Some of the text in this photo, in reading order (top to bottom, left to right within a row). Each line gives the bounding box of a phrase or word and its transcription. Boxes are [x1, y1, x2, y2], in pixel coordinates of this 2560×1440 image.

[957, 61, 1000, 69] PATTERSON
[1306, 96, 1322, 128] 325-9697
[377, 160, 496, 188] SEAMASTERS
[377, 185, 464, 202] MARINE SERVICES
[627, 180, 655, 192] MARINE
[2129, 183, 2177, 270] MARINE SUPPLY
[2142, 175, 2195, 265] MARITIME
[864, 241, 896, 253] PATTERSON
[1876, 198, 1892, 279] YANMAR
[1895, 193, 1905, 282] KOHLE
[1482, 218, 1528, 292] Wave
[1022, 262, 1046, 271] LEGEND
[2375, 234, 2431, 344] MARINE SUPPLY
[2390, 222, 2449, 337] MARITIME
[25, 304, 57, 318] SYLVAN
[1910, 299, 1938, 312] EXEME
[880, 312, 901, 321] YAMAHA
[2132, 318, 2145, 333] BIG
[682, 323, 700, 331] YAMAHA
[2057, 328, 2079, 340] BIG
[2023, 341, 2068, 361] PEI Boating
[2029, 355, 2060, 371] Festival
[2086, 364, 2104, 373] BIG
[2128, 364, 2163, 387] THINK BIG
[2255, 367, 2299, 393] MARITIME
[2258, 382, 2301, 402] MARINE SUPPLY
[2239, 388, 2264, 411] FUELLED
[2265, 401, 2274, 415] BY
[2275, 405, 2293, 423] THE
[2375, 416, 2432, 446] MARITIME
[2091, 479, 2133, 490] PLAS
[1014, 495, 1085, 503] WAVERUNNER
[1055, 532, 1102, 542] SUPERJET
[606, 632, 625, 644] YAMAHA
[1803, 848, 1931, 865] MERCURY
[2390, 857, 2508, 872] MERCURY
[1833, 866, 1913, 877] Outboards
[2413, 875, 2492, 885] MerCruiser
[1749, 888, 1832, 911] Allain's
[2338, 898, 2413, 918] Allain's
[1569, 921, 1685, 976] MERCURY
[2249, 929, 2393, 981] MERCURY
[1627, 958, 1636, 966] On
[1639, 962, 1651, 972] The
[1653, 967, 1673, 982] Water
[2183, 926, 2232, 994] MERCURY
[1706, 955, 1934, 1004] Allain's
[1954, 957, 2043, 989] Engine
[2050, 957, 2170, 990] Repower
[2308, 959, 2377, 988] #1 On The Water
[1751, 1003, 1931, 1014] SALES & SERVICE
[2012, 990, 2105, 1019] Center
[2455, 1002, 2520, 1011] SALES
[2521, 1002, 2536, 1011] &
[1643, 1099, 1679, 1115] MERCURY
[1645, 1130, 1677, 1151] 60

········

After reading the data above, return it verbatim in full.

Some of the text in this photo, in reading order (top to bottom, left to right within a row). Each line gives the bounding box of a phrase or word and its transcription. Boxes are [x1, y1, x2, y2], in pixel coordinates of this 2560×1440 image.

[957, 61, 1000, 69] PATTERSON
[1306, 96, 1322, 128] 325-9697
[377, 160, 496, 188] SEAMASTERS
[377, 185, 464, 202] MARINE SERVICES
[627, 180, 655, 192] MARINE
[2129, 183, 2177, 270] MARINE SUPPLY
[2142, 175, 2195, 265] MARITIME
[864, 241, 896, 253] PATTERSON
[1876, 198, 1892, 279] YANMAR
[1895, 193, 1905, 282] KOHLE
[1482, 218, 1528, 292] Wave
[1022, 262, 1046, 271] LEGEND
[2375, 234, 2431, 344] MARINE SUPPLY
[2390, 222, 2449, 337] MARITIME
[25, 304, 57, 318] SYLVAN
[1910, 299, 1938, 312] EXEME
[880, 312, 901, 321] YAMAHA
[2132, 318, 2145, 333] BIG
[682, 323, 700, 331] YAMAHA
[2057, 328, 2079, 340] BIG
[2023, 341, 2068, 361] PEI Boating
[2029, 355, 2060, 371] Festival
[2086, 364, 2104, 373] BIG
[2128, 364, 2163, 387] THINK BIG
[2255, 367, 2299, 393] MARITIME
[2258, 382, 2301, 402] MARINE SUPPLY
[2239, 388, 2264, 411] FUELLED
[2265, 401, 2274, 415] BY
[2275, 405, 2293, 423] THE
[2375, 416, 2432, 446] MARITIME
[2091, 479, 2133, 490] PLAS
[1014, 495, 1085, 503] WAVERUNNER
[1055, 532, 1102, 542] SUPERJET
[606, 632, 625, 644] YAMAHA
[1803, 848, 1931, 865] MERCURY
[2390, 857, 2508, 872] MERCURY
[1833, 866, 1913, 877] Outboards
[2413, 875, 2492, 885] MerCruiser
[1749, 888, 1832, 911] Allain's
[2338, 898, 2413, 918] Allain's
[1569, 921, 1685, 976] MERCURY
[2249, 929, 2393, 981] MERCURY
[1627, 958, 1636, 966] On
[1639, 962, 1651, 972] The
[1653, 967, 1673, 982] Water
[2183, 926, 2232, 994] MERCURY
[1706, 955, 1934, 1004] Allain's
[1954, 957, 2043, 989] Engine
[2050, 957, 2170, 990] Repower
[2308, 959, 2377, 988] #1 On The Water
[1751, 1003, 1931, 1014] SALES & SERVICE
[2012, 990, 2105, 1019] Center
[2455, 1002, 2520, 1011] SALES
[2521, 1002, 2536, 1011] &
[1643, 1099, 1679, 1115] MERCURY
[1645, 1130, 1677, 1151] 60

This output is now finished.